Nearly all the albums were credited to an unknown black musician named
Mingering Mike, and dated from 1968 to 1976.
The front covers were intricately painted to look like classic funk albums;
on the spines were titles and fake catalog numbers; the backs had everything
from liner notes to copyright information to original logos; the inner
sleeve was often a shopping bag meticulously taped together to hold a
record; and some actually opened to reveal beautiful gatefold sleeves. A few
albums had even been covered in shrink-wrap and bore price stickers and
labels with apocryphal promotional quotes.
What Mr. Hadar found was a cache of seemingly nonexistent music: soundtracks
to imaginary films, instrumental albums, a benefit album for sickle cell
anemia, a tribute to Bruce Lee, a triple-record work titled "Life in Paris,"
songs protesting the Vietnam War and promoting racial unity, and records of
Christmas, Easter and American bicentennial music. He had discovered,
perhaps, an outsider artist. "There are quite a few folk art collectors that
are salivating to get their hands on this collection," said Brian DiGenti,
the editor of Wax Poetics, a leading journal for record collectors. "I think
without a doubt that when all this settles down, this collection will be in
a permanent gallery, and it will probably be one of the more important folk
art collections there." As Mr. Hadar examined the albums, a crowd gathered.
He knew what had to be
done: he bought all 38, for roughly $2 apiece. Excited on returning home, he
posted his findings on soulstrut.com, a digger Web site. A fellow collector,
Mr. Beylotte, responded, telling him that he had been to the same flea
market and had seen similarly decorated seven-inch singles and eight-track
tapes along with cassette tapes and reel-to-reel recordings. He believed
there might be music to accompany the conceptual albums.
"A lot of times flea-market vendors acquire their wares from a storage
facility that's auctioning off the possessions of someone who hasn't paid
their bills," Mr. Beylotte said. "So we're used to digging through these
windows into personal lives through records." He and Mr. Hadar returned to
buy the rest of the Mingering Mike stash, including photo albums and
correspondence. Afterward they put a cassette tape in the stereo and heard
their quarry's music for the first time. It was mostly a cappella - a cross
between doo-wop, field hollers, gospel, the soul and blues - accompanied by
what sounded like sticks on a bucket keeping a beat. Though they lacked
instruments, Mingering Mike and his collaborators - known as Joseph War and
the Big D - seemed to have the arrangements in their heads and would mimic
string glissandos, trumpet blasts and bass lines vocally. For words,
Mingering Mike and the Big D talked and sang, mostly about how they wanted
to become famous. "We should be stars," went the chorus of one song. "Stars
in the eyes of man." A few of the albums and labels were decorated with
pictures of the Washington Monument, so Mr. Hadar and Mr. Beylotte figured
that if Mingering Mike was still alive, he was probably in the Washington
area. Fortunately Mr. Hadar happened to be an investigator for a law firm.

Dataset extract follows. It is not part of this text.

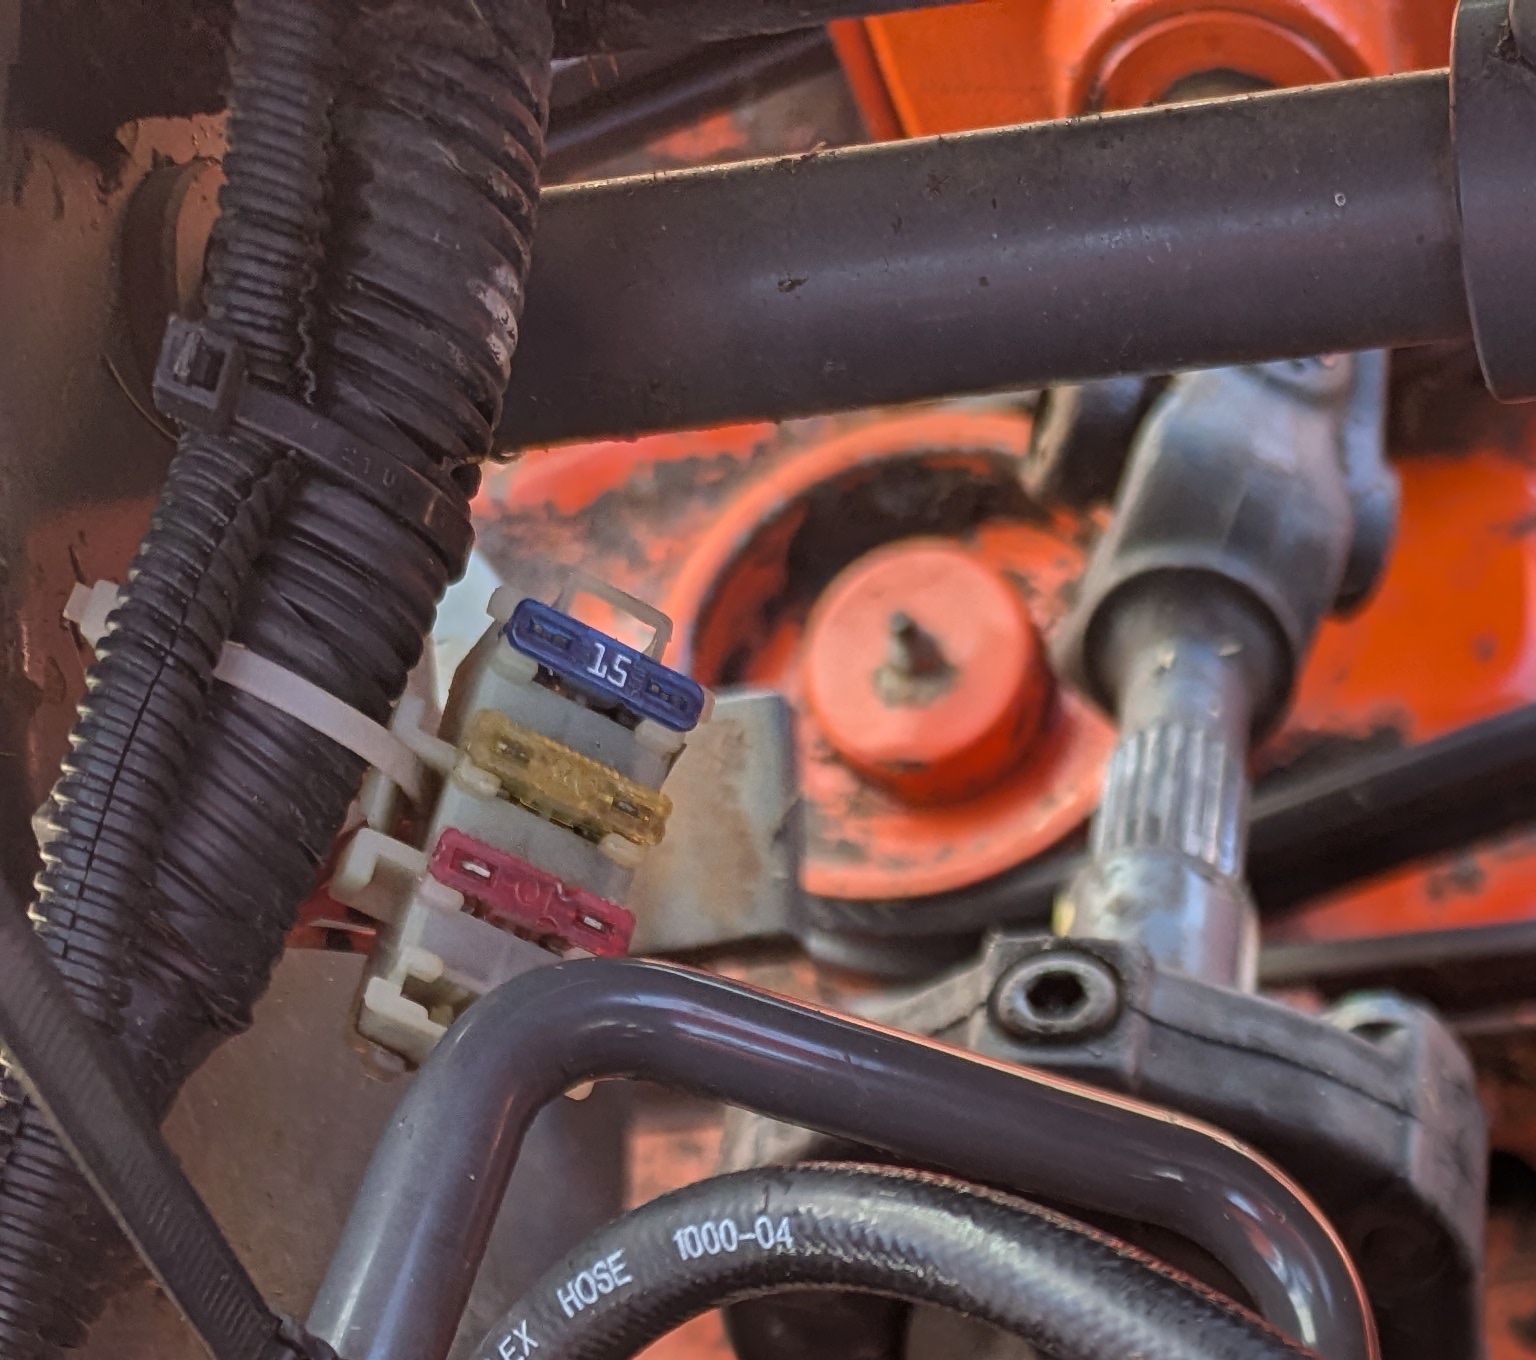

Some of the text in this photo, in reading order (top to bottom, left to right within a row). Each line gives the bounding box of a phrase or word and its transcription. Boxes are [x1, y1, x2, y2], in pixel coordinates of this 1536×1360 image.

[587, 642, 632, 688] 15
[556, 1249, 633, 1318] HOSE
[672, 1215, 794, 1261] 1000-04

(Mr. Beylotte works for the American Psychological Association.) On one of
Mingering Mike's earliest seven-inch singles they noticed that he had put
down his actual name. And in a stack of his letters, they found street
addresses. Mr. Hadar said that he chose the address most likely to be
current, and drove there. A cousin of Mingering Mike's answered the door.

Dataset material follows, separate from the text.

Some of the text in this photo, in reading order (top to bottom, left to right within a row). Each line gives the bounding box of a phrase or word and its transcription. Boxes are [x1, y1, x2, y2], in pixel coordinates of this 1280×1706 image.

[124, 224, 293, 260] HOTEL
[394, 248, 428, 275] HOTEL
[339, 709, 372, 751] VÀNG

Wary of a stranger, the cousin would tell Mr. Hadar only that Mingering Mike
lived in southeast Washington.
Undeterred, Mr. Hadar sifted through court records and other public
documents until he came across Mingering Mike's last known address. He went
there with Mr. Beylotte, finding a small apartment building in a rough
neighborhood, he said. They knocked on the door, and a man answered. They
recognized him instantly: he was a little older and a little heavier than in
the pictures they had seen, but it was definitely Mingering Mike. When they
told him they had found his album covers, they recalled, a broad smile
spread across his face. "My babies," he said. On Thursday I joined these
three men at Mr. Hadar's house. Mingering Mike said it was his first
interview. He had never released a real album; he had only fantasized an
entire career on cardboard. Mingering Mike is a large, good-humored,
round-faced man who wore a black jacket and black slacks on Thursday. He did
not want his real name published or his face to be photographed. The reason
he gave for maintaining his anonymity was that he had two jobs and was
worried that the attention would "disrupt things at work." The name
Mingering Mike came about, he explained, when he saw a street sign for
"merging traffic" and twisted the word in his head to create mingering. His
music making began in his teenage years, he said, when he locked himself in
the bathroom (for the good acoustics) and tried to come up with a song. Once
a complete song finally tumbled out of his mouth a year later, he couldn't
stop. In the years that followed, he said, he wrote more than 4,000 songs on
everything from legal pads to matchbooks to diaper boxes.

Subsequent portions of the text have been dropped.